As originally published in Synergyzer Issue 5, 2017 – ‘The Show Must Go On’
Before 1965, when Indian films were allowed to be screened in Pakistan, the songs from both sides of the border gave each other a tough competition, this was the time when Pakistani film songs were at par with those produced in India.
The very first film, Teri Yaad in 1948, set the benchmark high for filmmakers in Pakistan.
After that, hit songs were released back to back which went on to shape the careers of many people – be it playback singers, music composers and even the actors in films featuring these songs. Sadly, with the passage of time, Pakistani films have moved away from musicals to comedy and action, which appeals more to the current audience, according to new filmmakers.

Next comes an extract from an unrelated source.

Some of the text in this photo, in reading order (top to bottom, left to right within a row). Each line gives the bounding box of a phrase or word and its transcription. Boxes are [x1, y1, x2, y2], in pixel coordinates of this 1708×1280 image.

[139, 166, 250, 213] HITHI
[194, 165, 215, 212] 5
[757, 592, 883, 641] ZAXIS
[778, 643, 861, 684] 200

Although what filmmakers today fail to understand is that music is a universal language and reaches out to more people. Hence the better the songs, the better the films!
Phase I: 1948 – 1965
Being a newly formed nation, Pakistan had scarce resources which led to most of the filmmakers migrating to India as the Indian film industry was in a much better condition. Despite this major emigration of talent, one of the biggest stars in the Indian subcontinent, Noor Jehan, decided to migrate to Pakistan and make it her new home.

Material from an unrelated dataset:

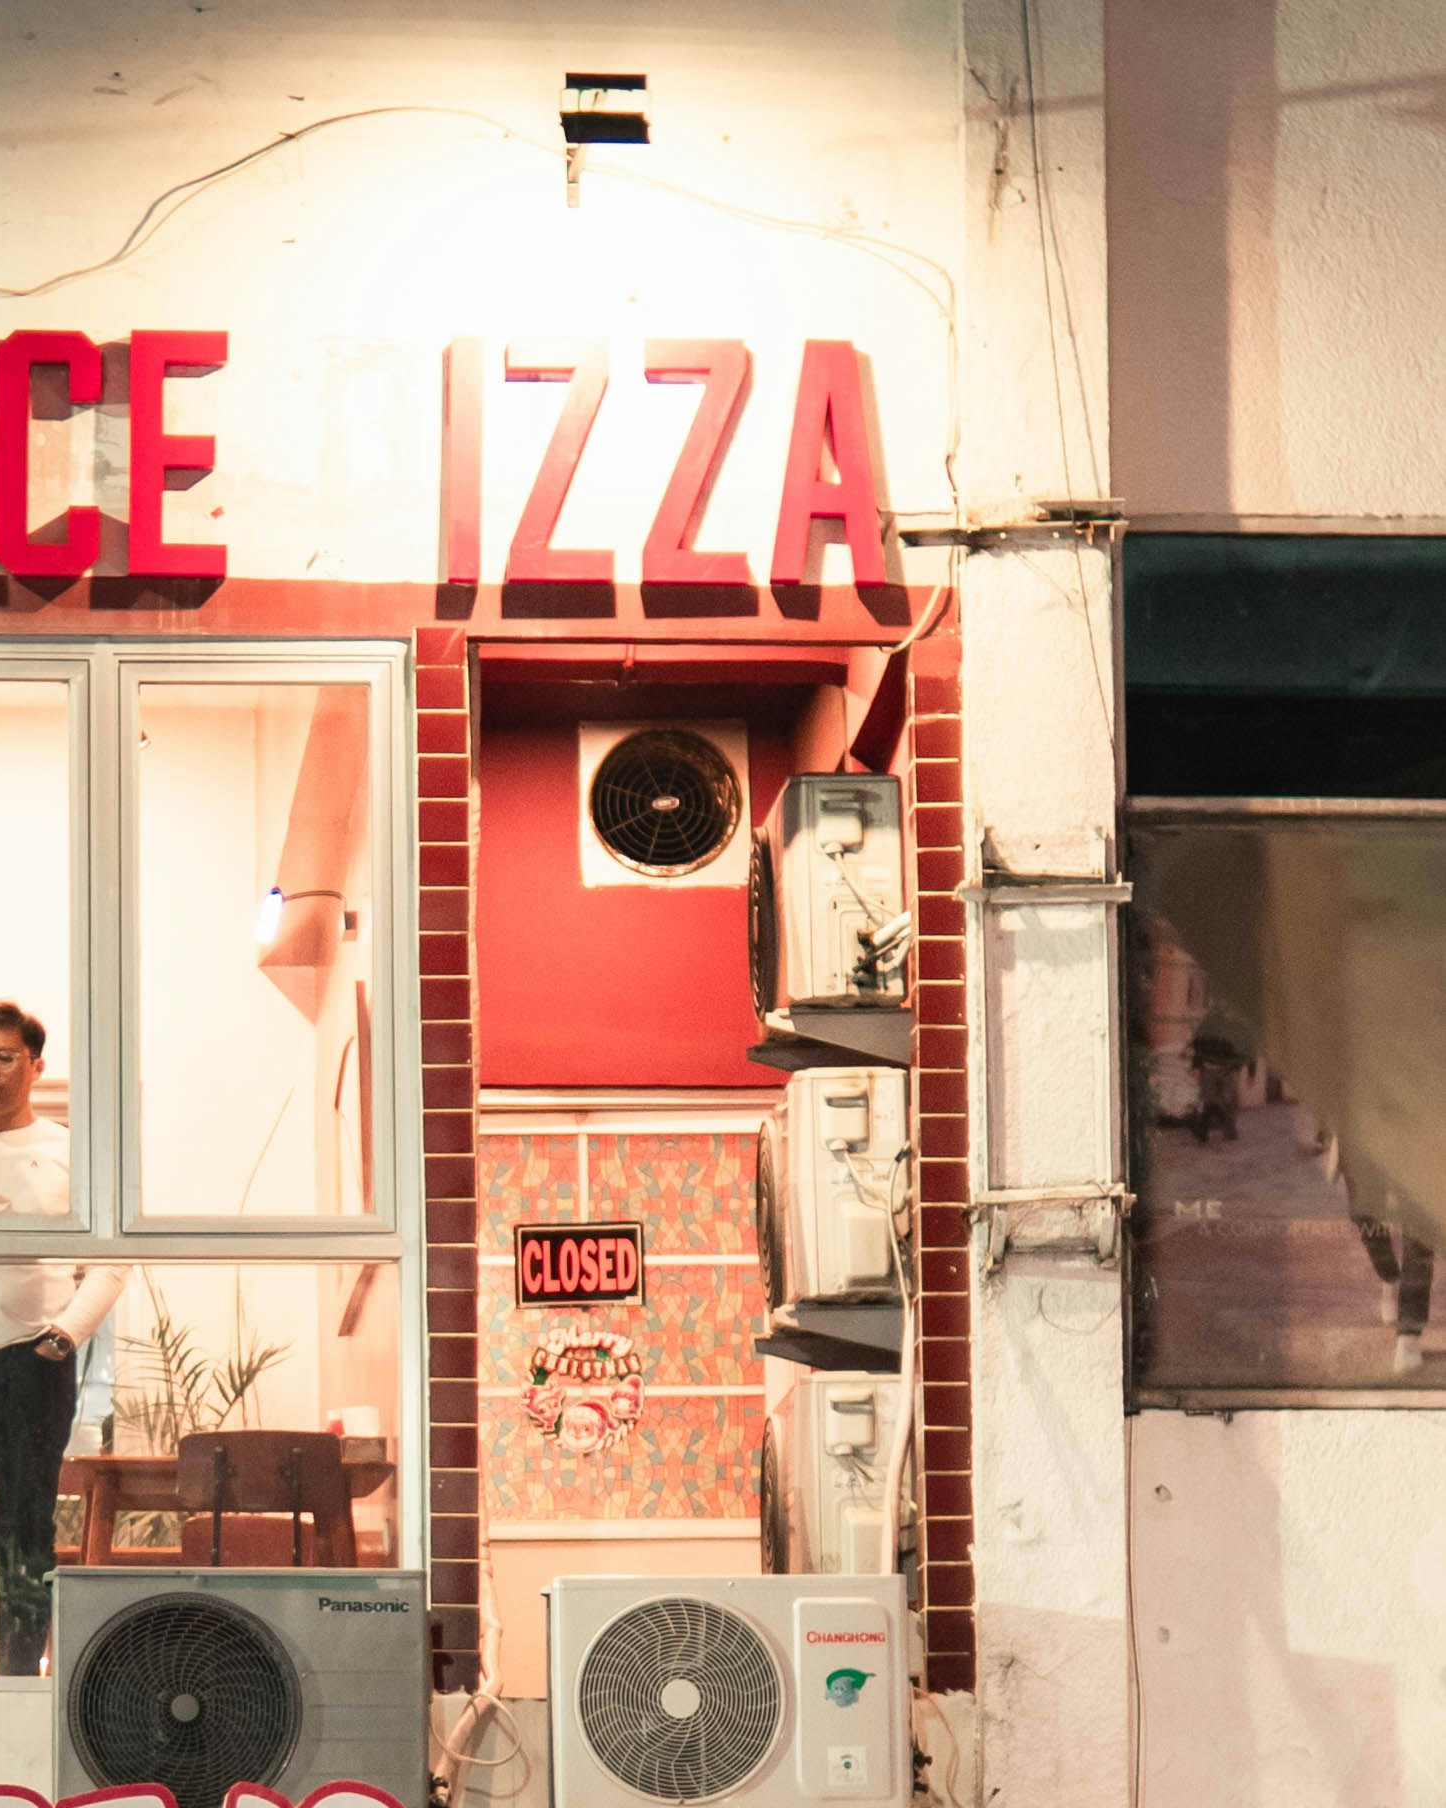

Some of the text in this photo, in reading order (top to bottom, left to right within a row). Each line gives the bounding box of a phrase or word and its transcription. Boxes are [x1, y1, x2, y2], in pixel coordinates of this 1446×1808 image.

[522, 1238, 637, 1294] CLOSED
[318, 1597, 410, 1612] Panasonic
[806, 1631, 886, 1644] CHANGHONG

She worked with the best music composers of the time such as Khawaja Khursheed Anwar (who went on to direct films as well), Feroze Nizami (who advised a young Sohail Rana to switch to accordion), Rasheed Attre (who attained the legendary status because of his songs) and Moslehuddin (who heralded the era of modern music in Pakistan).
All these music composers along with their contemporaries and playback singers of high caliber such as Zubeda Khanum, Saleem Raza, Naseem Begum and of course Noor Jehan, helped build Pakistan’s film and music industry from scratch.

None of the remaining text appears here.